Red blood cells develop in the bone marrow, which is the sponge-like tissue inside your bones. Your body normally destroys old or faulty red blood cells in the spleen or other parts of your body through a process called hemolysis. Hemolytic anemia occurs when you have a low number of red blood cells due to too much hemolysis in the body.
There are many types of hemolytic anemia, which doctors diagnose based on the underlying cause of your anemia. Certain conditions can cause hemolysis to happen too fast or too often. Conditions that may lead to hemolytic anemia include inherited blood disorders such as sickle cell disease or thalassemia, autoimmune disorders, bone marrow failure, or infections. Some medicines or side effects to blood transfusions may cause hemolytic anemia.
Hemolytic anemia can develop suddenly or slowly, and it can be mild or severe. Signs and symptoms may include fatigue, dizziness, heart palpitations, pale skin, headache, confusion, jaundice, and a spleen or liver that is larger than normal. Severe hemolytic anemia can cause chills, fever, pain in the back and abdomen, or shock. Severe hemolytic anemia that is not treated or controlled can lead to serious complications, such as irregular heart rhythms called arrhythmias; cardiomyopathy, in which the heart grows larger than normal; or heart failure.
To diagnose hemolytic anemia, your doctor will do a physical exam and order blood tests. Additional tests may include a urine test, a bone marrow test, or genetic tests. People who are diagnosed with mild hemolytic anemia may not need treatment at all. For others, hemolytic anemia can often be treated or controlled. Treatments may include lifestyle changes, medicines, blood transfusions, blood and bone marrow transplants, or surgery to remove the spleen. If your hemolytic anemia is caused by medicines or another health condition, your doctor may change your treatment to control or stop the hemolytic anemia.
Hepatitis B is a contamination of your liver. It can cause scarring of the organ, liver disappointment, and malignant growth. It very well may be deadly in the event that it isn't dealt with.
It's spread when individuals interact with the blood, open injuries, or body liquids of somebody who has the hepatitis B infection.
It's not kidding, however on the off chance that you get the malady as a grownup, it shouldn't keep going quite a while. Your body fends it off inside a couple of months, and you're invulnerable for a mindblowing remainder. That implies you can't get it once more. In any case, on the off chance that you get it during childbirth, it' improbable to leave.
The liver is an organ about the size of a football. It sits just under your rib cage on the right side of your abdomen. The liver is essential for digesting food and ridding your body of toxic substances.
Liver disease can be inherited (genetic). Liver problems can also be caused by a variety of factors that damage the liver, such as viruses, alcohol use and obesity.

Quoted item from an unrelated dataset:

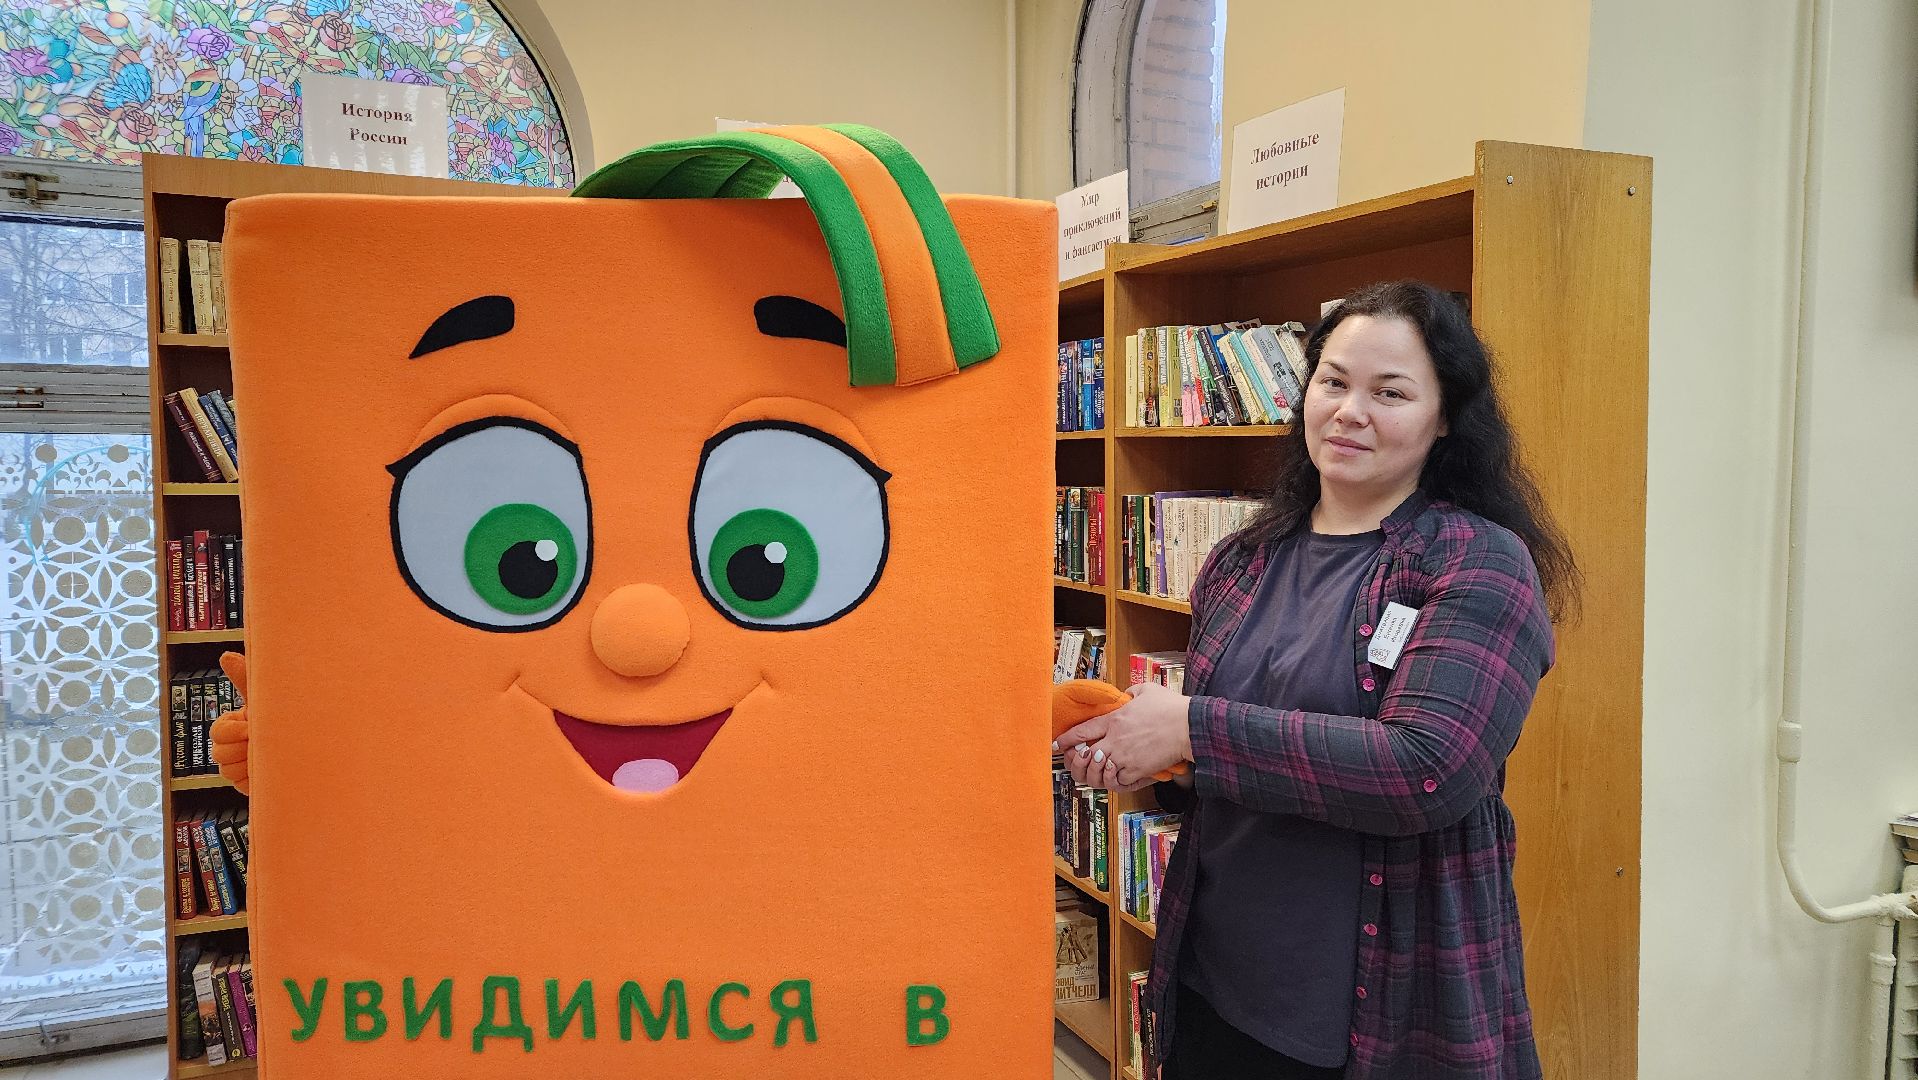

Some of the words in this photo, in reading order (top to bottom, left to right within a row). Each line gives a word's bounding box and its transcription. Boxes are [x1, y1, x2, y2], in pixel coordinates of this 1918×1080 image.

Over time, conditions that damage the liver can lead to scarring (cirrhosis), which can lead to liver failure, a life-threatening condition. But early treatment may give the liver time to heal.
Rhesus disease is a condition where antibodies in a pregnant woman's blood destroy her baby's blood cells. Rhesus disease doesn't harm the mother, but it can cause the baby to become anaemic and develop jaundice.
Rhesus disease is one of the diseases which can cause jaundice.
Rhesus disease can only happen if a mother's blood type is Rhesus negative and her baby's blood type is Rhesus positive. The mother's immune system produces antibodies that react against her baby's blood. The baby's red blood cells break down. The medical word for this process is haemolysis. It leads to more bilirubin being produced than normal and a high chance of jaundice.
A mother's blood type is routinely checked at the beginning of pregnancy. All women who are Rhesus negative have extra blood tests during pregnancy to check if they are making Rhesus antibodies. The baby's blood group is not known at this stage. It is checked after birth. If a baby is at risk of Rhesus disease, there are several treatments.